* _EXERCISE OBJECTIVE_
Without the pictures, return each record as it appears.

Start of Block

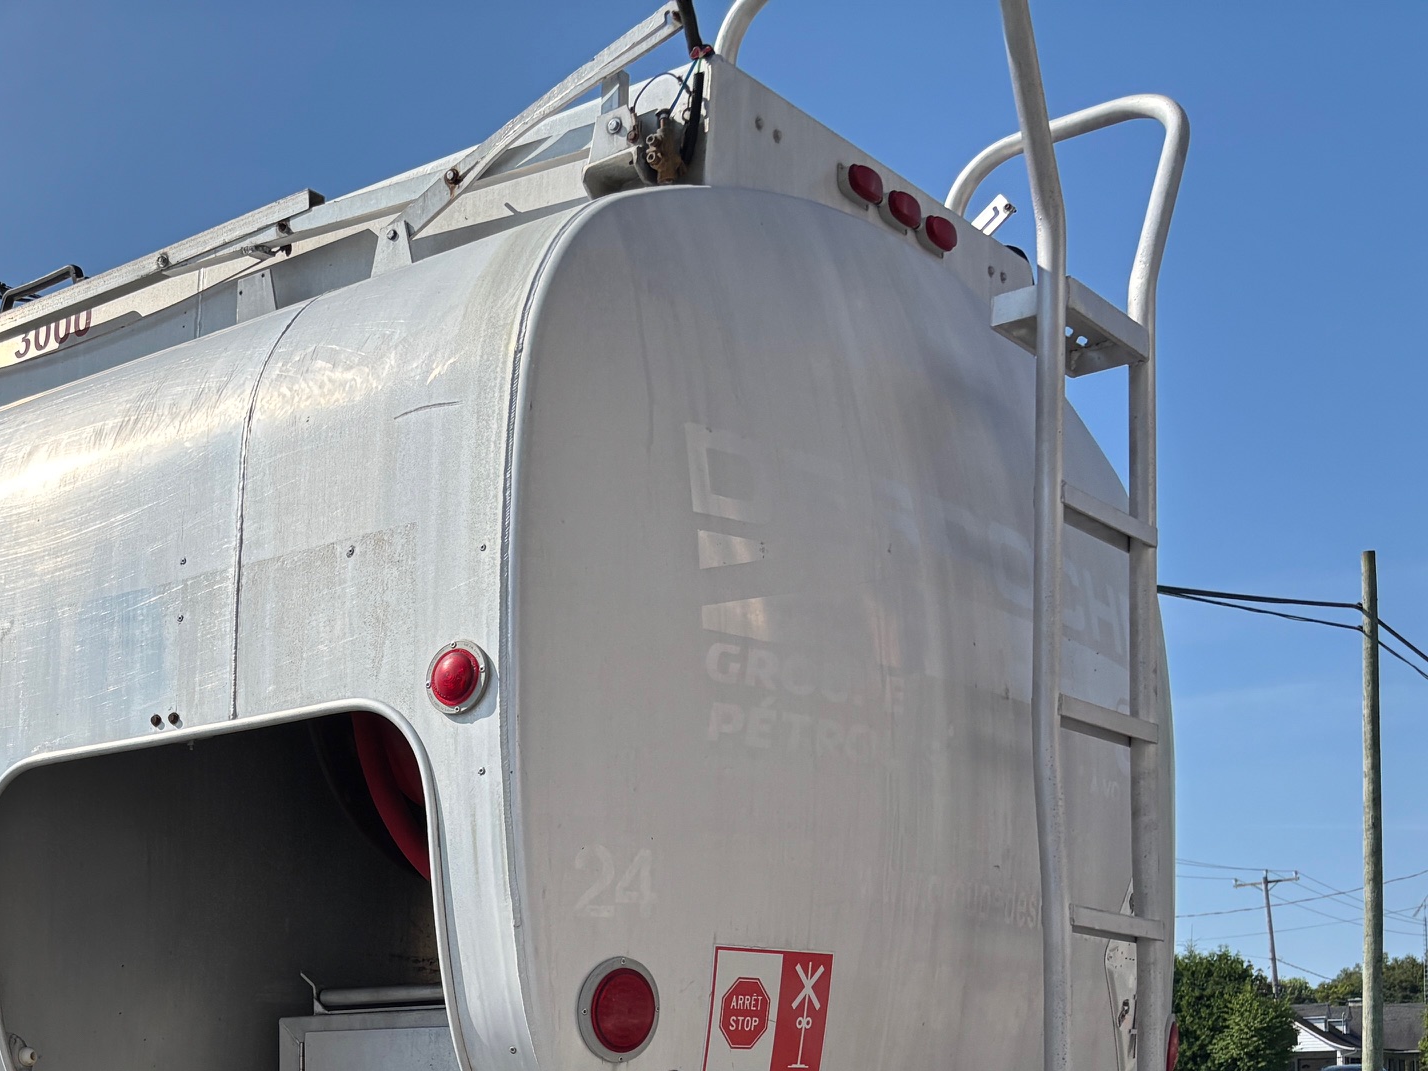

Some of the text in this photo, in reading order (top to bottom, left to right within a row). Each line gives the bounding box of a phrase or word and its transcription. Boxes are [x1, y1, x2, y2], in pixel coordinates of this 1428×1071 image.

[14, 309, 92, 359] 3000
[572, 845, 658, 919] 24
[730, 993, 763, 1011] ARRÊT
[728, 1016, 760, 1031] STOP

End of Block

* _EXERCISE SOLUTION_
Some of the text in this photo, in reading order (top to bottom, left to right within a row). Each line gives the bounding box of a phrase or word and its transcription. Boxes are [x1, y1, x2, y2], in pixel coordinates of this 1428×1071 image.

[14, 309, 92, 359] 3000
[572, 845, 658, 919] 24
[730, 993, 763, 1011] ARRÊT
[728, 1016, 760, 1031] STOP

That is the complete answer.